Editor's Note: With minor adjustments, this simple (but effective) word processor will work on Apple, OSI, — any Microsoft BASIC. Described here for the PET/CBM, the author points out which lines to change for other machines. The program is well documented to permit easy adjustment to a variety of printer, disk/tape, etc. configurations.

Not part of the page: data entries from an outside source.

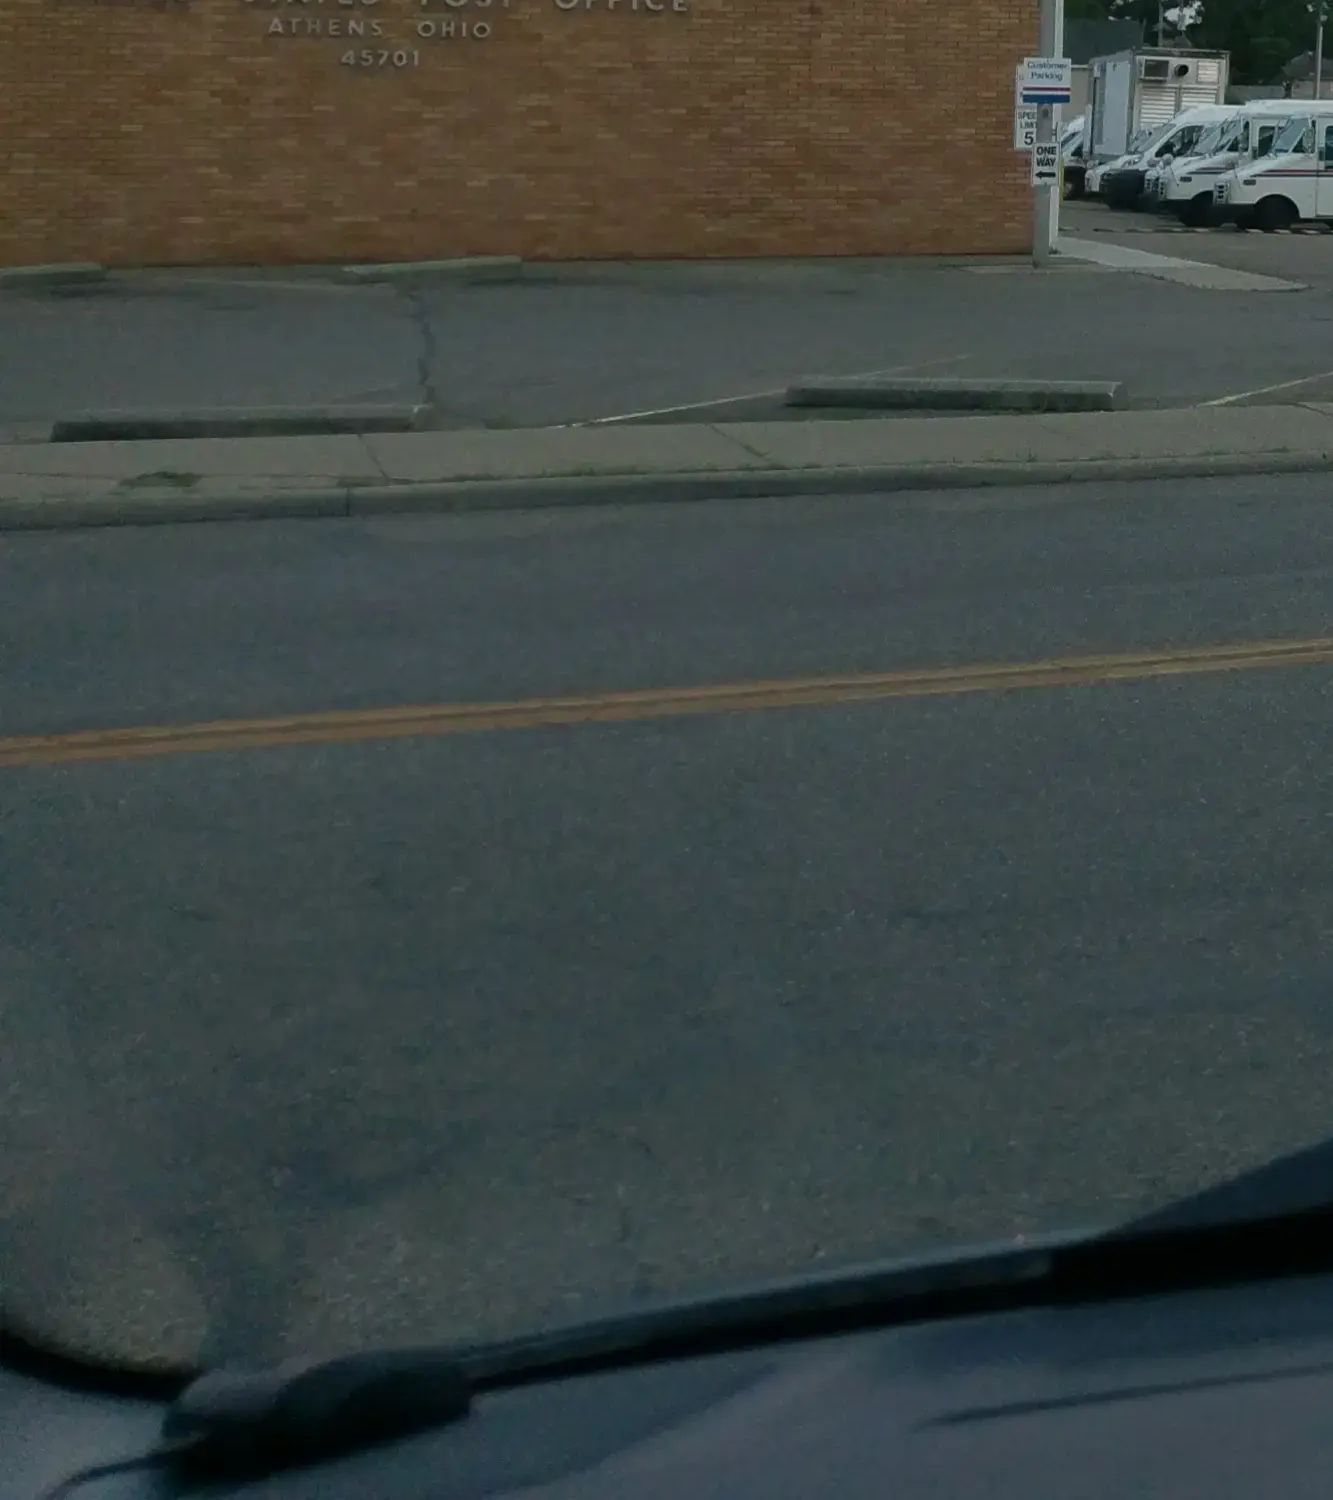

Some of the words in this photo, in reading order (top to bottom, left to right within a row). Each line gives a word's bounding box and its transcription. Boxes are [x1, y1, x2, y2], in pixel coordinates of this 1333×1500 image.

[268, 17, 384, 37] ATHENS
[417, 20, 492, 39] OHIO
[340, 49, 420, 68] 45701
[1027, 61, 1067, 69] Customer
[1031, 71, 1063, 82] Parking
[1018, 111, 1037, 120] SPEE
[1024, 131, 1034, 146] 5
[1036, 146, 1057, 156] ONE
[1036, 157, 1056, 167] WAY
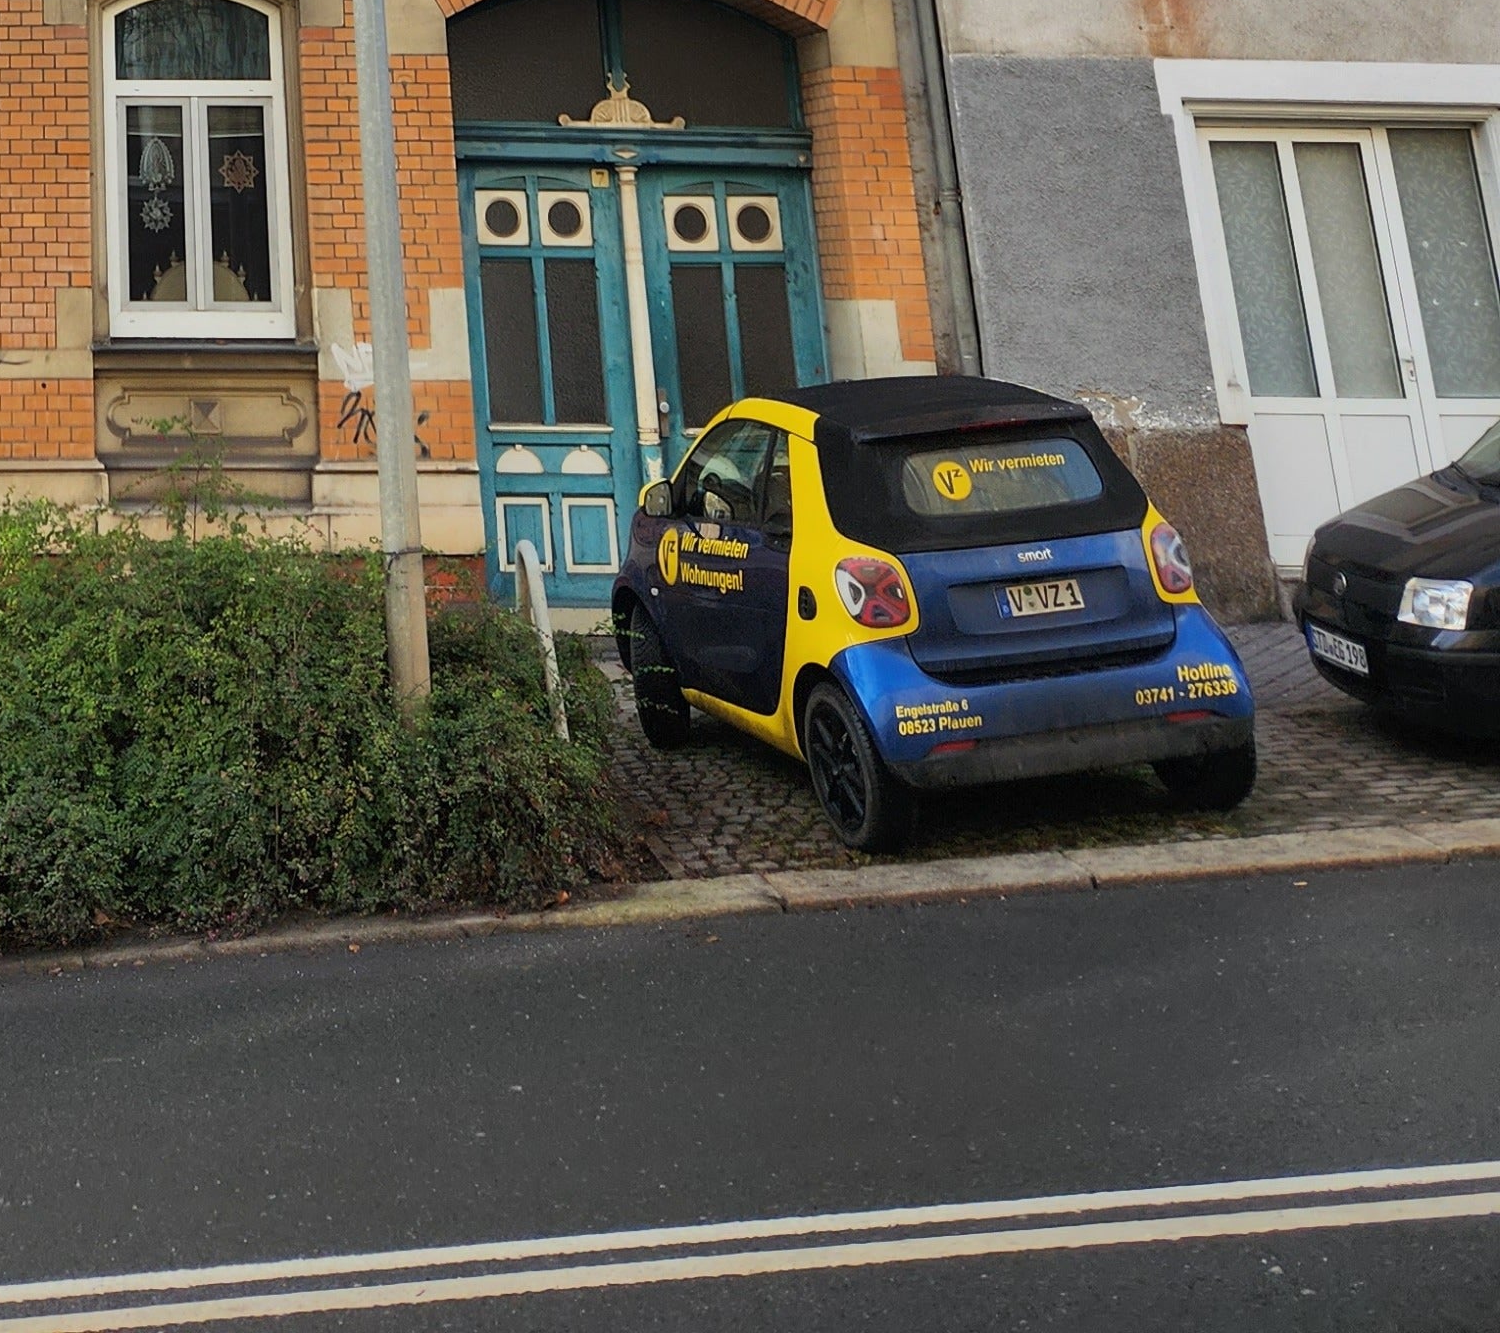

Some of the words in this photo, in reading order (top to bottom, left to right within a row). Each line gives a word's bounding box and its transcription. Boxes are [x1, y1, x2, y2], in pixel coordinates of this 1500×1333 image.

Arnie Lee's LED a Line-oriented Text Editor described in COMPUTE! #9 can become a moderately sophisticated word processor with the addition of a few lines. Line 5 enables upper and lower case features of the PET; line 8075 disengages these features and returns the PET to normal mode. Minor modification to line 9050 eliminates the printing of the LED's line oriented identification numbers and allows Commodore printers to print both upper and lower case. The addition of the control character to the string referred to in this line, however, uses one position of the 80 character string limiting the text part of the string to 79 characters, including spaces. Thus, Mr. Lee's 80 character string is shortened in line 10055.

Adding Versatility

Additional program lines give the word processor more versatility. Tab functions or line indentation and simulated line feed are accomplished by lines 145, 146, and 10045. Lines 9025 and 9055 provide the option for double spaced print of copy to the printer.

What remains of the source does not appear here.